Critically, self-fashioning operates on two asymmetric levels of vulnerability simultaneously: a universal one (the incompleteness structural to all human subjectivity) and a context-specific one (the unequal social distribution of precarity and risk). This asymmetry introduces an ethical limit on any romanticized ethics of self-creation: not all subjects begin from the same position of potential, and the "art of living" is unevenly available. The process is thus analogous to what Lacanian theory would recognize as sublimation—the redirection of libidinal energy toward a culturally and personally meaningful form—but Ruti grounds it in a post-Lacanian, Nietzschean register that foregrounds character as the outcome of that labor.
Place in the corpus
Self-fashioning appears exclusively in mari-ruti-the-call-of-character-living-a-life-worth-living-columbia-university-p and sits at the conceptual heart of Ruti's broader argument about what constitutes a life worth living.

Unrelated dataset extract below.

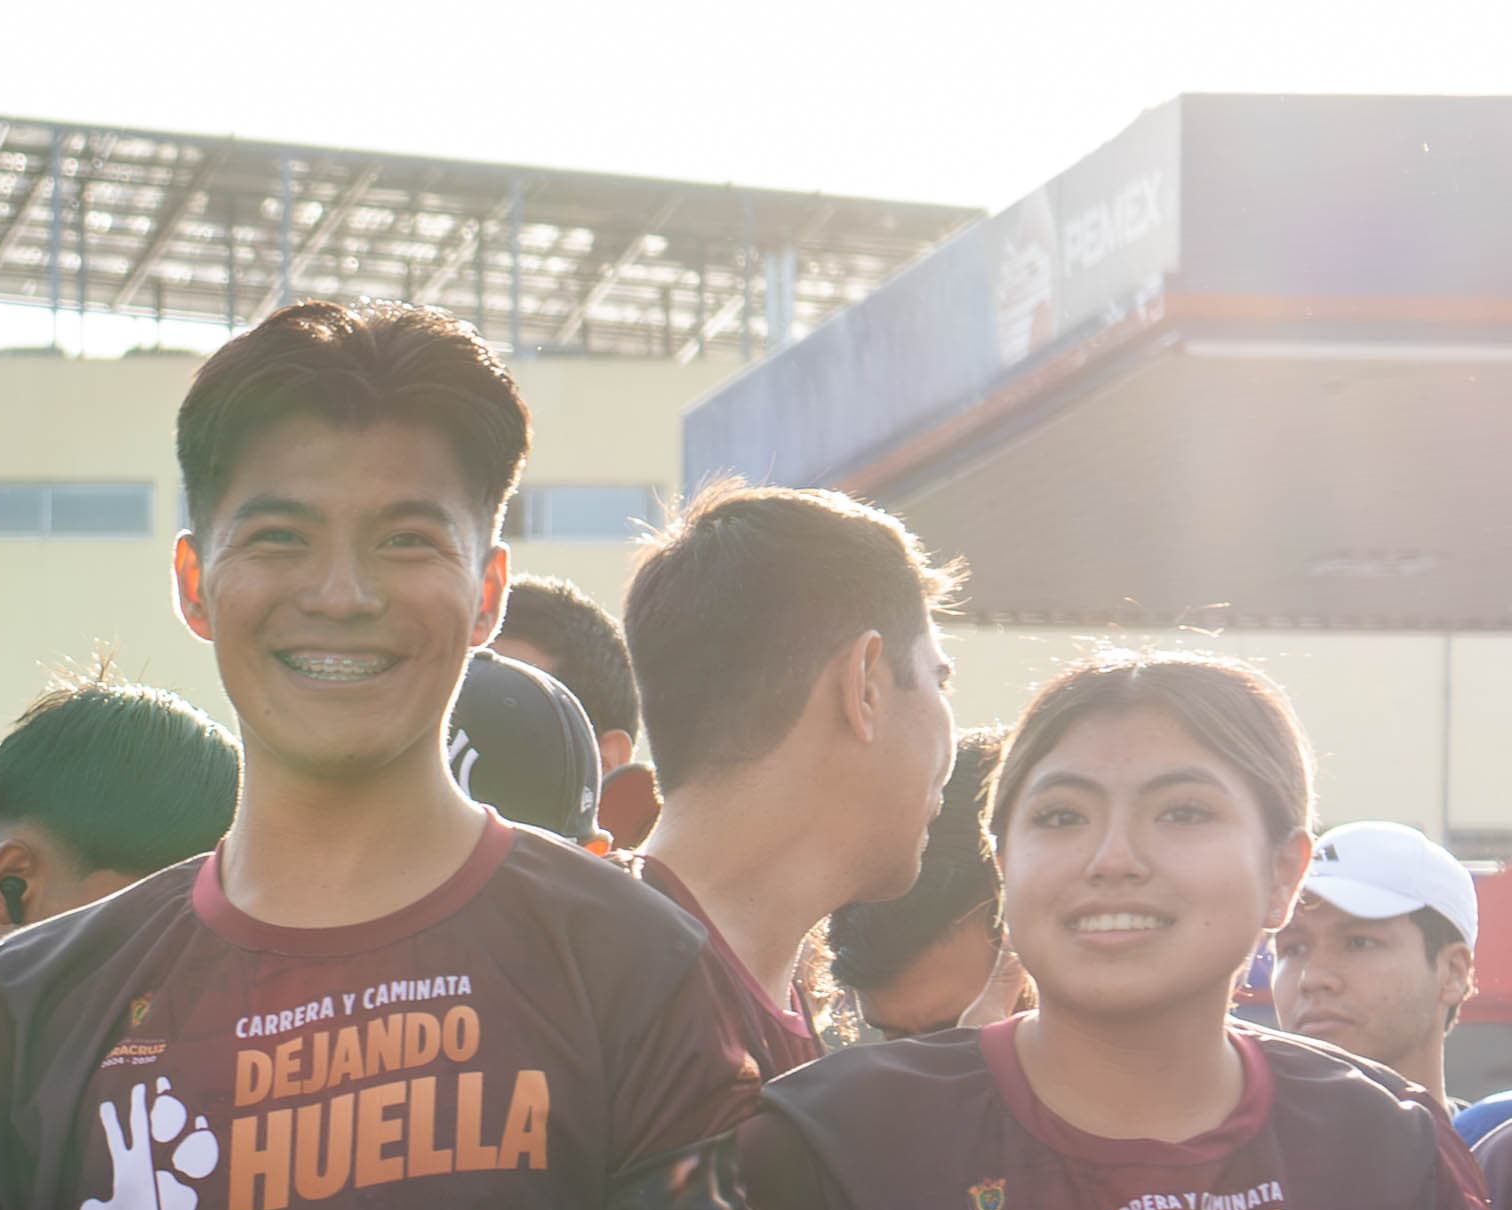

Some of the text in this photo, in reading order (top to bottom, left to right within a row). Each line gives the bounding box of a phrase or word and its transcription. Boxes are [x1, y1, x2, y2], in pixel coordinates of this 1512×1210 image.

It functions as a practical-ethical corollary to the theoretical concept of Singularity: if singularity names the irreducible "thisness" of the subject—what remains when all symbolic predicates are subtracted—then self-fashioning is the active side of that same process, the subject's ongoing labor of crystallizing its singularity out of contingent material. Where singularity in the Lacanian frame is a structural achievement rooted in lack, Ruti reframes it as something that must be cultivated through effort and creativity, aligning with her Nietzschean register.
The concept also stands in productive tension with Adaptation and Trauma. Against the ego-psychological and adaptive ideal (fitting oneself to an environment), self-fashioning insists that vulnerability and incompleteness are not deficits to be overcome but productive conditions—a position that resonates with the Lacanian critique of adaptation as the wrong telos. Trauma, meanwhile, is not simply suffered but incorporated: past suffering becomes the material out of which character is crafted, echoing the structural logic of Nachträglichkeit (retroactive reactivation) while giving it a forward-looking, ethical inflection. The cross-referenced concepts of Repetition, Amor Fati, Existential Vulnerability, and Sublimation all function as sub-components of this overarching process: repetition names the compulsive return self-fashioning must work through; amor fati names the affective stance required; existential vulnerability names the structural condition that makes the process both necessary and possible; and sublimation names the psychic mechanism that transforms raw suffering into meaningful form.
Key formulations
The Call of Character: Living a Life Worth Living (p.23)
Nietzsche has in mind when he urges us to become who we are...an ongoing art of living that allows us to craft a distinctive character out of the obstacles and opportunities that constitute the key components of our existence.
The phrase "ongoing art of living" is theoretically loaded because it frames self-fashioning as a practice without terminus—resisting any notion of a completed, coherent self—while "craft a distinctive character out of the obstacles" encodes the core move: suffering and contingency are not subtracted from the self but are the very raw material of its singularity, aligning the Nietzschean imperative with a structurally psychoanalytic logic of transformation through, not despite, lack.